=== Begin Enclosure ===

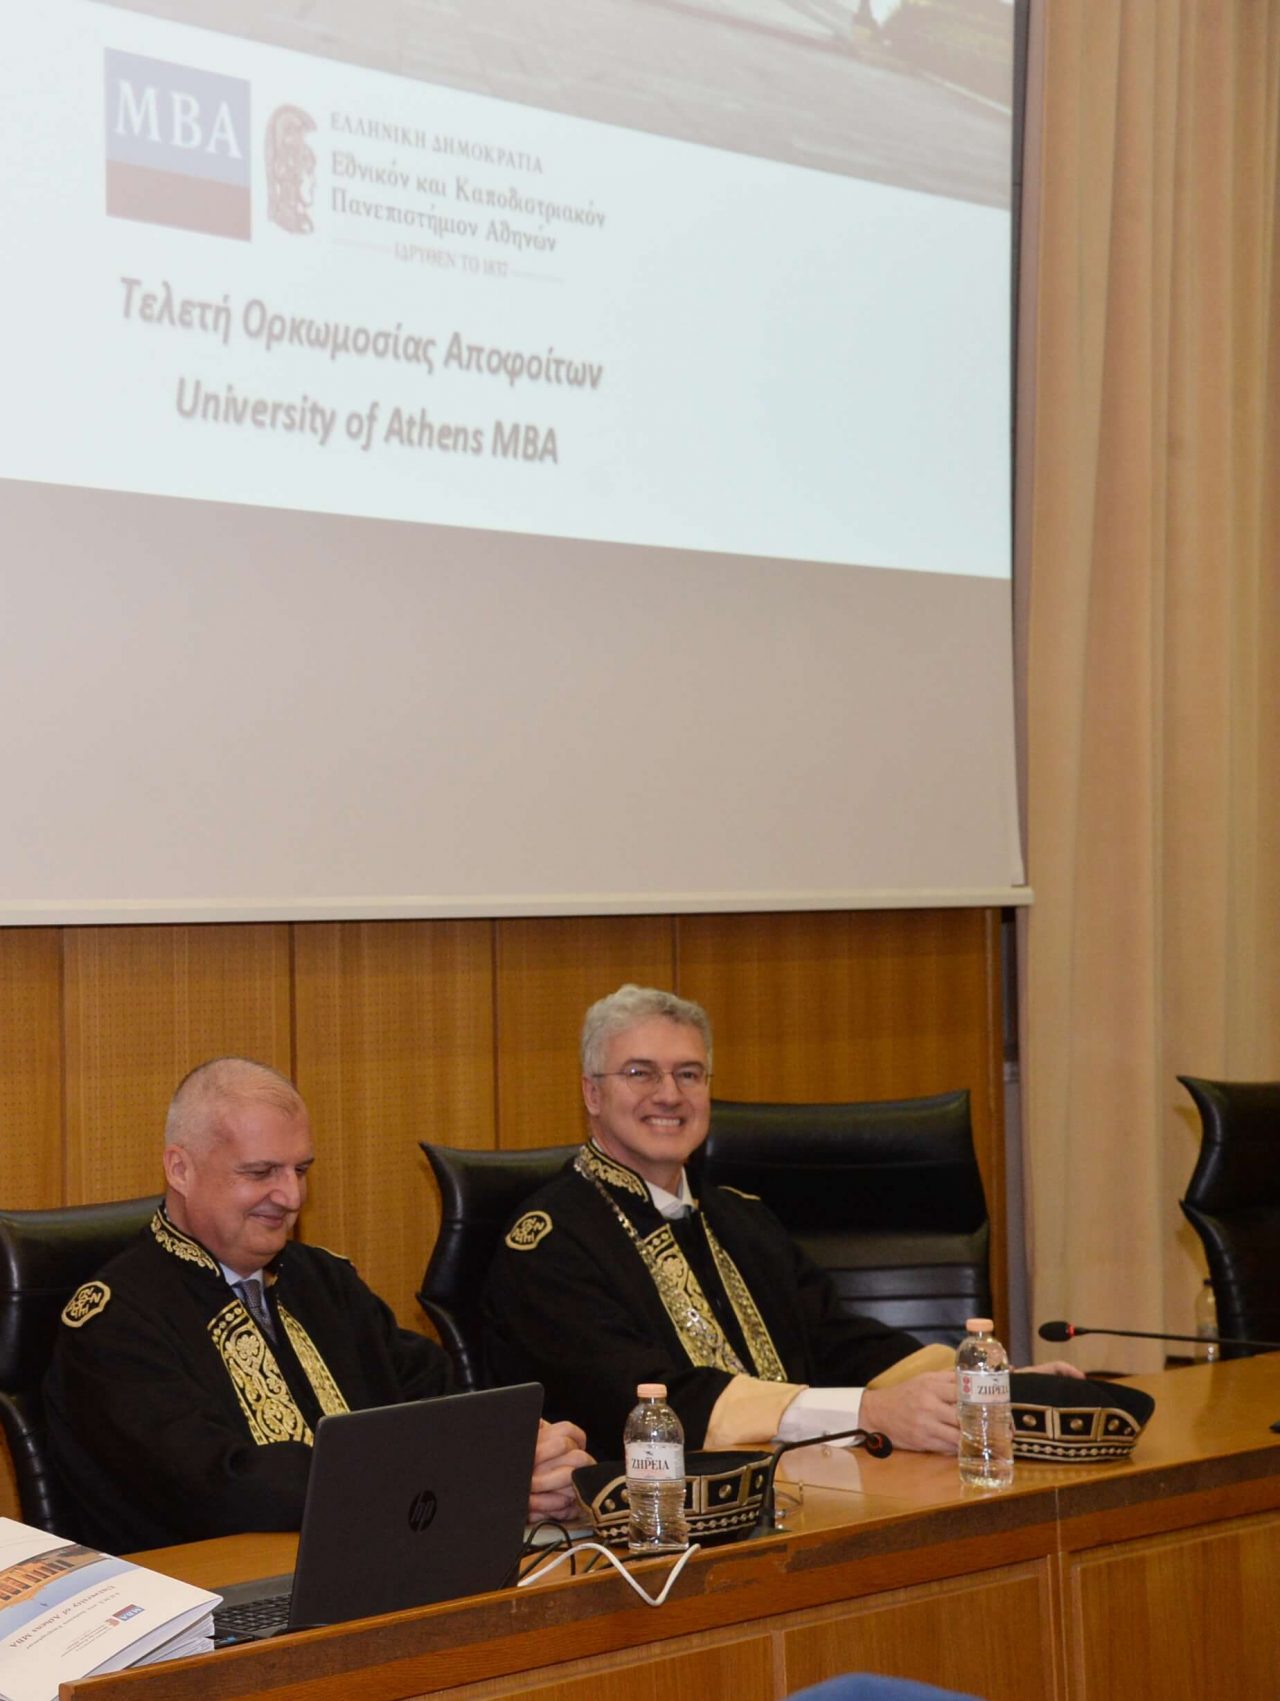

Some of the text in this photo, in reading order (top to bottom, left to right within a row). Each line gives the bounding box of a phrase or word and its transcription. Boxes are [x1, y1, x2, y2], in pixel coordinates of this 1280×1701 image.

[114, 77, 243, 161] MBA
[330, 111, 544, 175] ΕΛΛΗΝΙΚΗ ΔΗΜΟΚΡΑΤΙΑ
[331, 150, 607, 229] Εθνικόν και Καποδιστριακόν
[331, 187, 557, 252] Πανεπιστήμιον Αθηνών
[120, 276, 604, 390] Τελετή Ορκωμοσίας Αποφοίτων
[175, 377, 559, 464] University of Athens MBA

=== End Enclosure ===

◆ Exercise brief ◆
Write out the whole listing exactly, and drop the pictures.

◆ Reply ◆
Some of the text in this photo, in reading order (top to bottom, left to right within a row). Each line gives the bounding box of a phrase or word and its transcription. Boxes are [x1, y1, x2, y2], in pixel coordinates of this 1280×1701 image.

[114, 77, 243, 161] MBA
[330, 111, 544, 175] ΕΛΛΗΝΙΚΗ ΔΗΜΟΚΡΑΤΙΑ
[331, 150, 607, 229] Εθνικόν και Καποδιστριακόν
[331, 187, 557, 252] Πανεπιστήμιον Αθηνών
[120, 276, 604, 390] Τελετή Ορκωμοσίας Αποφοίτων
[175, 377, 559, 464] University of Athens MBA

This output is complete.